Random points within the polygon.
NB If you play with different elevation models, it is advisable to be as precise as possible and to duplicate points instead of generating random points.
Next, we use QGIS Visibility Plugin to create viewpoints from these multiple locations. The analysis radius is set to 30 kilometres.
Each observer point will be assigned a specific height. Here, I’m using increments of 5 for a range of 0 to 20 metres. Note that the Target height parameter is set 1.6 metres which simulates a typicial observer height (!). Our “observer point” is actually occupied by the tower, while potential observers are scattered across the landscape.
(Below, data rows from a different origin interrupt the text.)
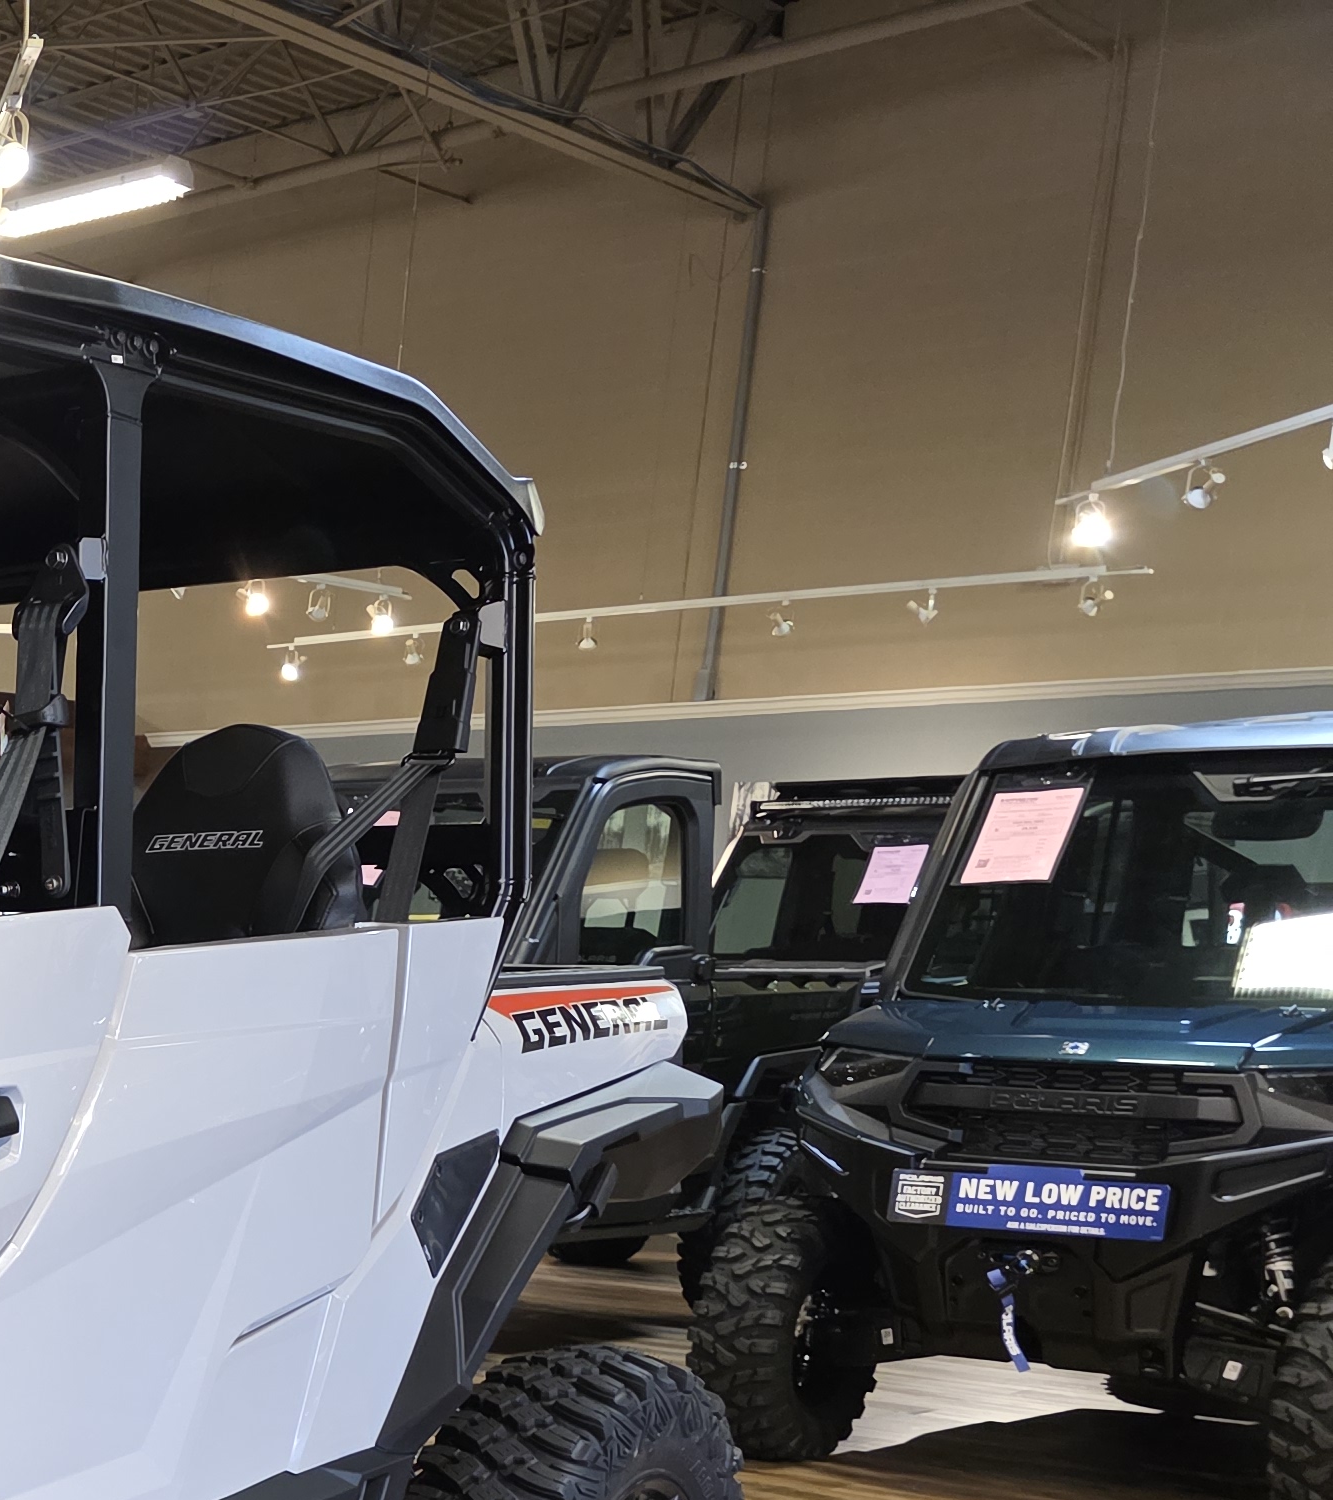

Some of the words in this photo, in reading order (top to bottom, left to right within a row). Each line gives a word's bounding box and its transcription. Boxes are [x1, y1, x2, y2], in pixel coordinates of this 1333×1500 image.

[145, 828, 264, 854] GENERAL
[989, 1090, 1138, 1115] POLARIS
[958, 1177, 1019, 1201] NEW
[1025, 1182, 1085, 1206] LOW
[1089, 1187, 1162, 1212] PRICE
[955, 1203, 995, 1215] BUILT
[999, 1206, 1016, 1217] TO
[1047, 1210, 1096, 1223] PRICED
[1101, 1213, 1117, 1224] TO
[1120, 1214, 1157, 1227] MOVE.
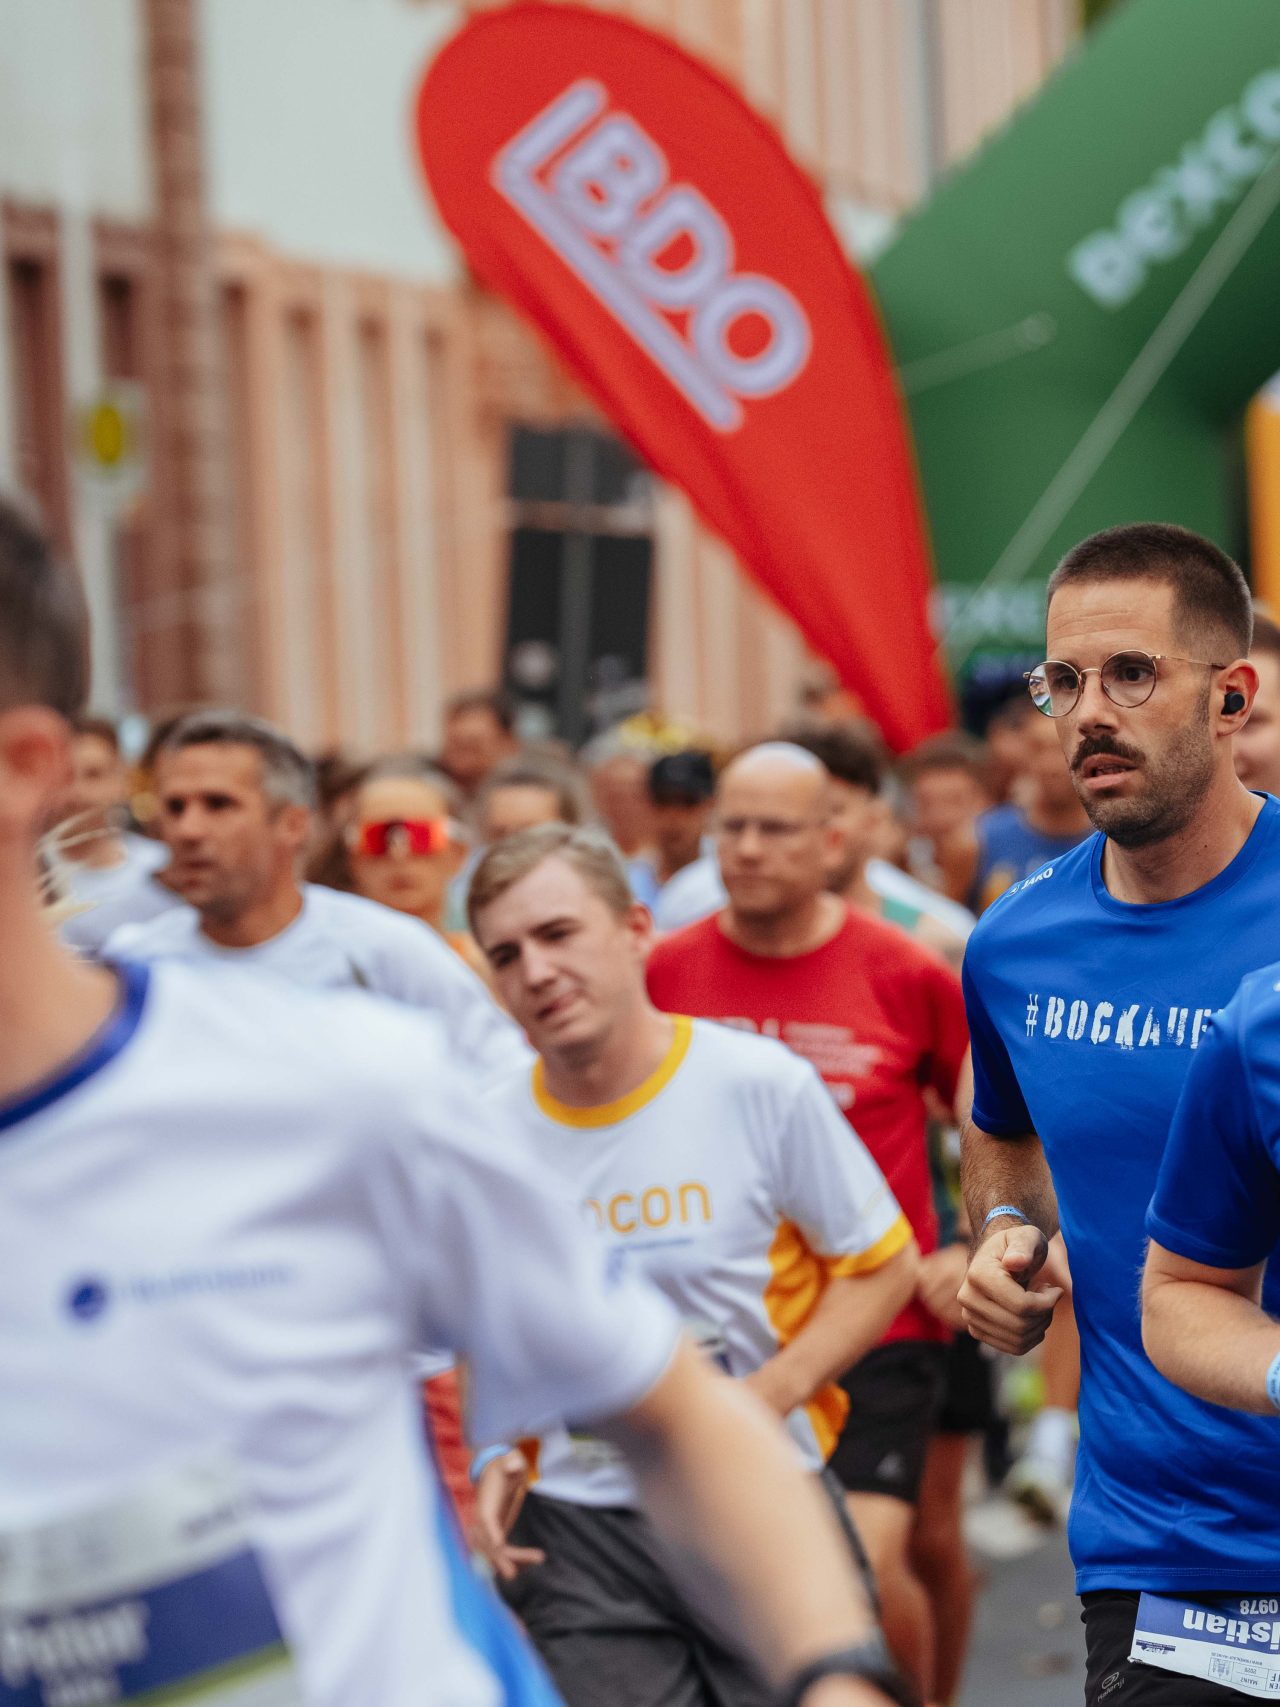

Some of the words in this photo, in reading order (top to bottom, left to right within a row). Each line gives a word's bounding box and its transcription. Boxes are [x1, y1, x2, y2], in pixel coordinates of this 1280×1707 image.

[550, 110, 812, 402] BDO
[1026, 993, 1225, 1050] #BOCKAUF
[588, 1182, 712, 1235] con
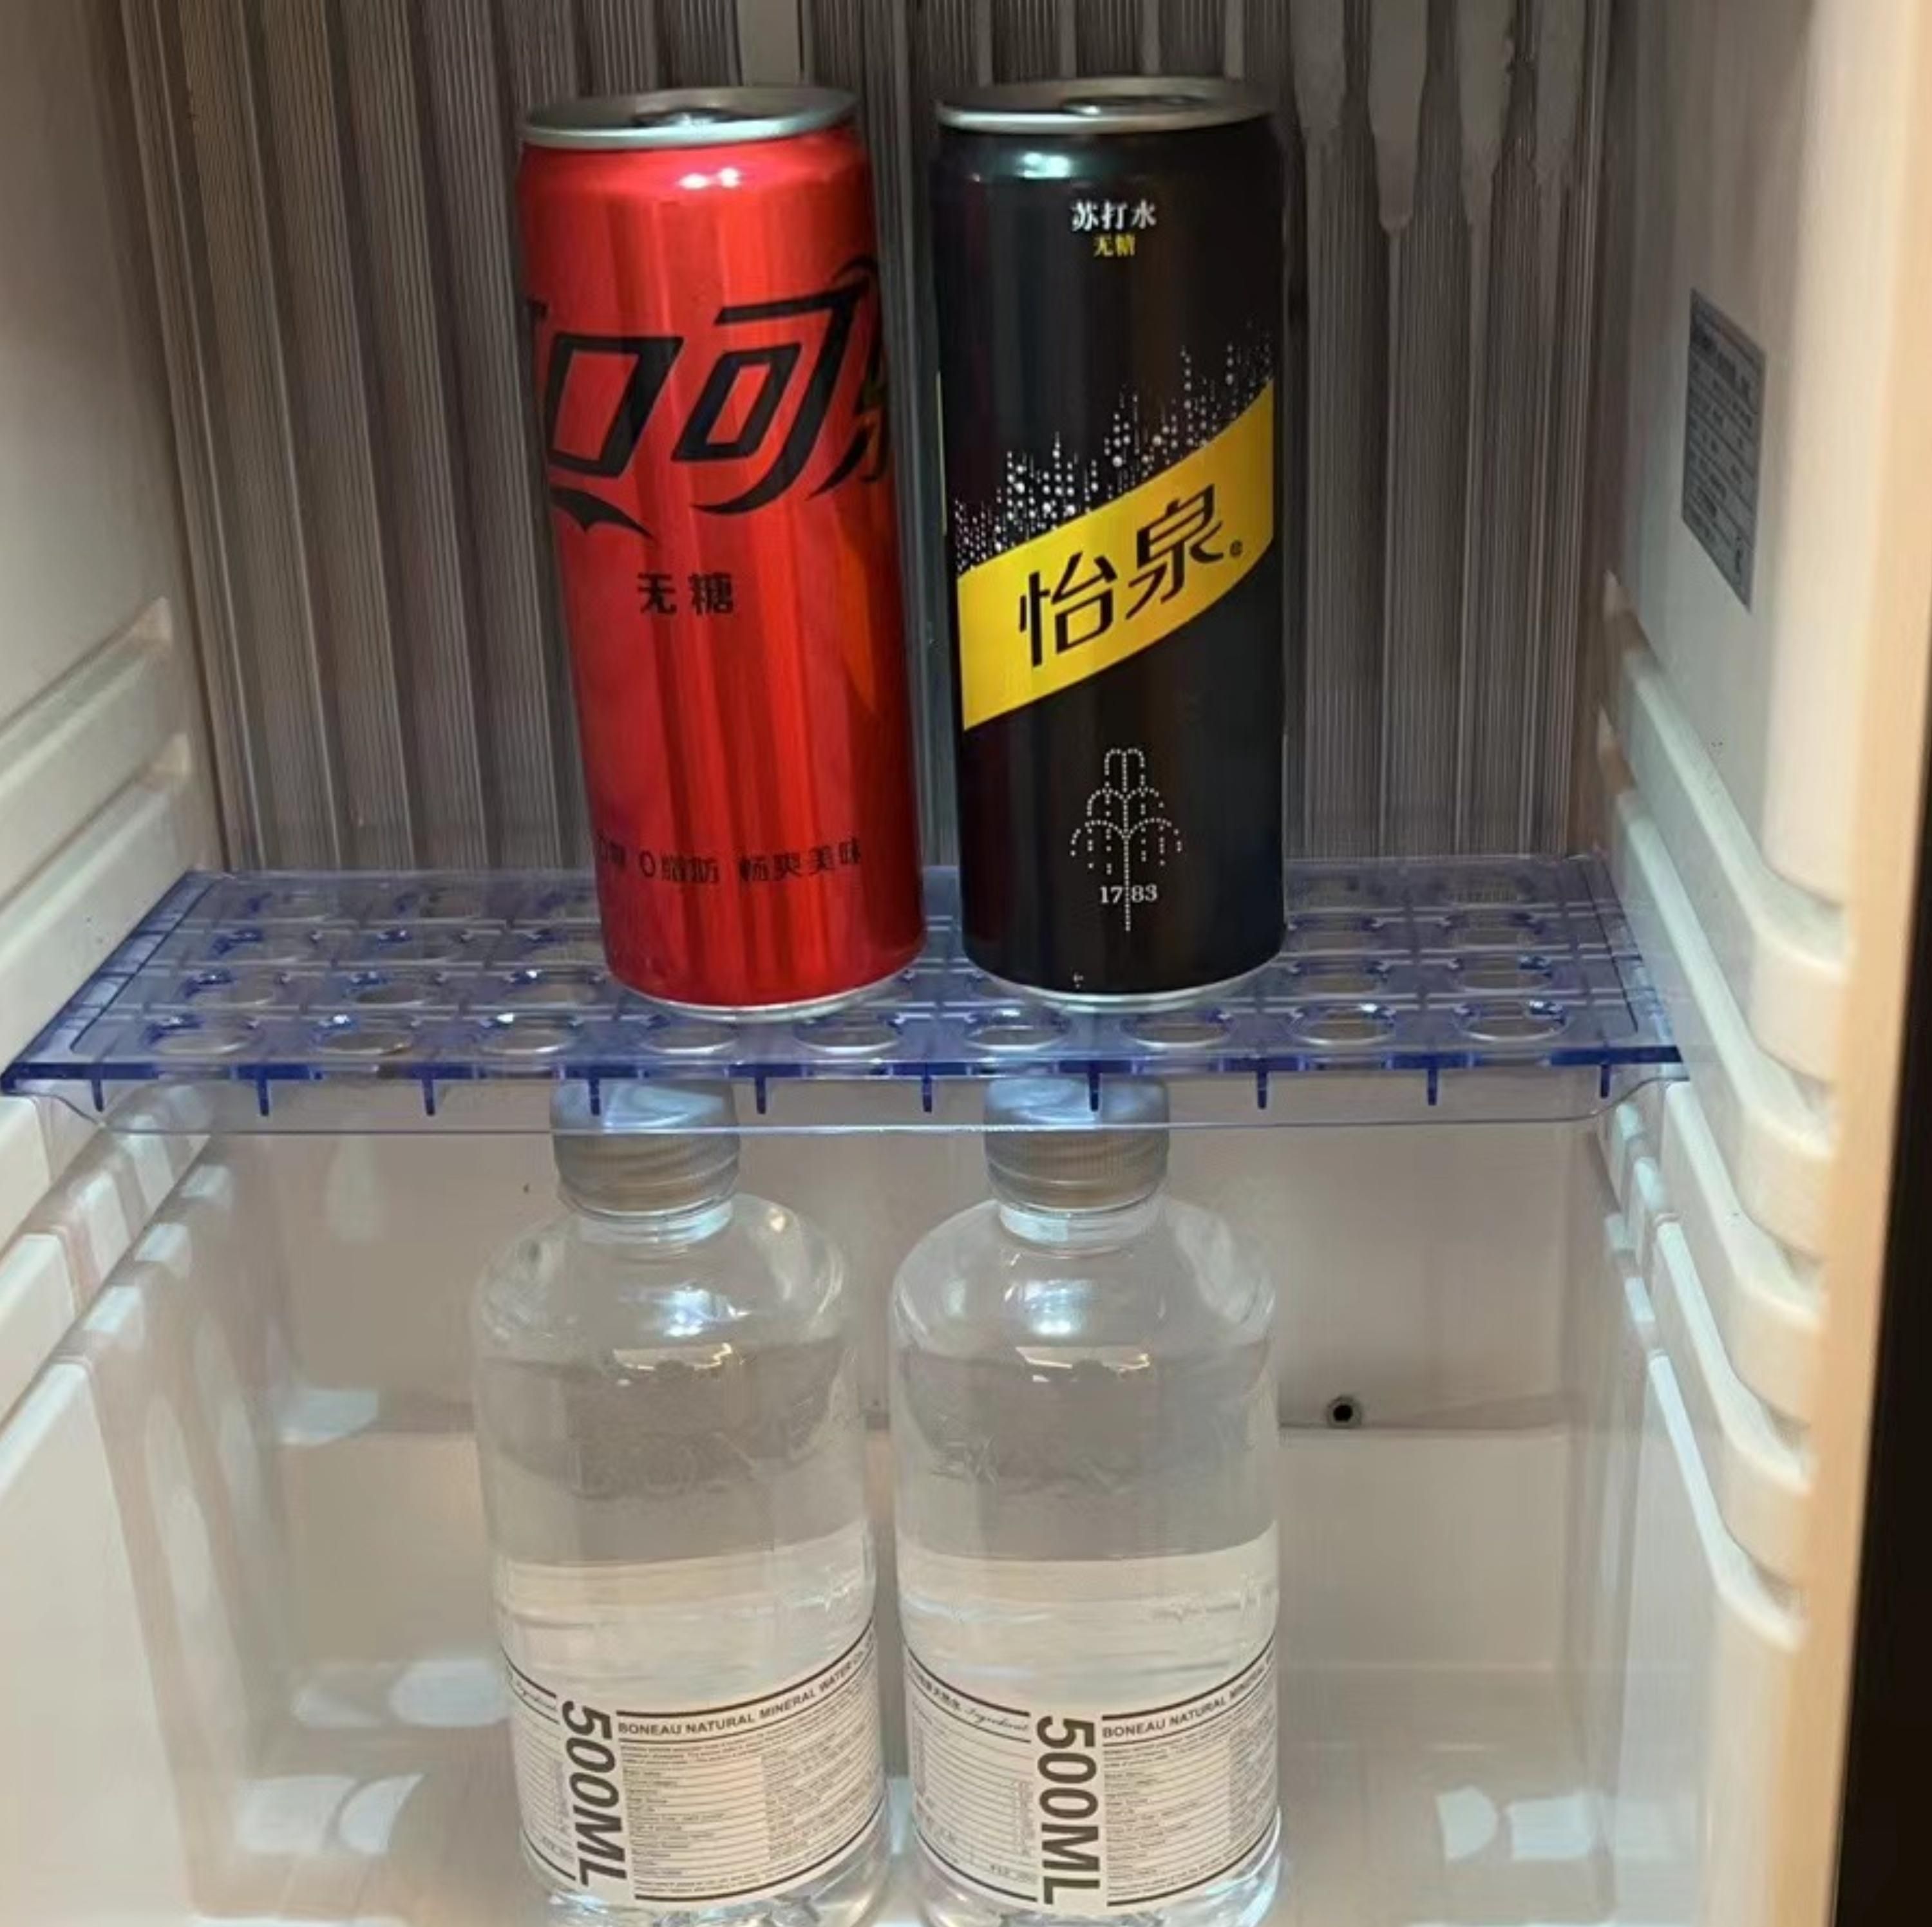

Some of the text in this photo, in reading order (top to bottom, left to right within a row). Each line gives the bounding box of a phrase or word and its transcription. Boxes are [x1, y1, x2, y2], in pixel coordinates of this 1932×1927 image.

NB For the lazy ones, or those that have dozens of observation points, the observer heights can be entered through QGIS field calculator with expression
(@row_number – 1) * 5, where 5 is the increment used here.
We can now perform the viewshed calculation. Note that the algorithm will always combine outputs when multiple points are present. I’m using the Earth curvature correction as it may have some impact over longer distances.
Let’s finish by styling the output. I will set the invisible areas to transparency, in order to drape the model over the terrain.
We can think of our result as a series of nested boxes: the largest area is visible from the top level and the smallest one from the ground level. For a common 2.5D elevation model, it is not possible that a patch seen from a lower level would not be visible from the top level (this is not valid for true 3D models…). These viewshed overlaps are registered in the algorithm output (0 = not visible, 1 overlap = only the top level, at 20 metres is visible, 5 overlaps = the entirety of the structure is visible, down to the ground level).
And here is our visibility model:
Our viewshed model is quite interesting. First of all, it is very fragmented for a building destined to impress travellers from afar. The building would often go out of sight and then reappear in front of a passenger. Surely, there are better locations from which the impressive tower would be an unavoidable sight.
Note the pale tones to the north of the tower: these are the areas where only the top portion of the building would be visible. Most of these locations are more than 10 kilometres away, so the level of “impressiveness” of the building would be quite low. Indeed, the building is placed some 5 metres or so below the actual hilltop, which is effectively hiding it from the north.
The Urkulu tower is represented by the orange circle (map from sitna.navarra.es).
We can, then, conclude that the Roman trophy tower was constructed to be visible at relatively close distance, perhaps from the road that passed nearby.
We can, however, also imagine a practical purpose for the building. If the height of the tower compensated for some 5 metres difference from the mountaintop, it could have been used for surveillance of the passage across the mountain. In principle, our analysis can be used to estimate which areas would be visible from each height level, but we should bear in mind that the SRTM terrain model is imprecise and not suitable for a precision calculation.
This short example should introduce some basic concepts of the analysis of visual impact of tall constructions. The same principles can be used to analyse skyscrapers, wind turbines, or other types of buildings. Note, however, that precise elevation model is paramount for such an analysis; I repeat that the STRM model used here should only serve as “proof of concept”.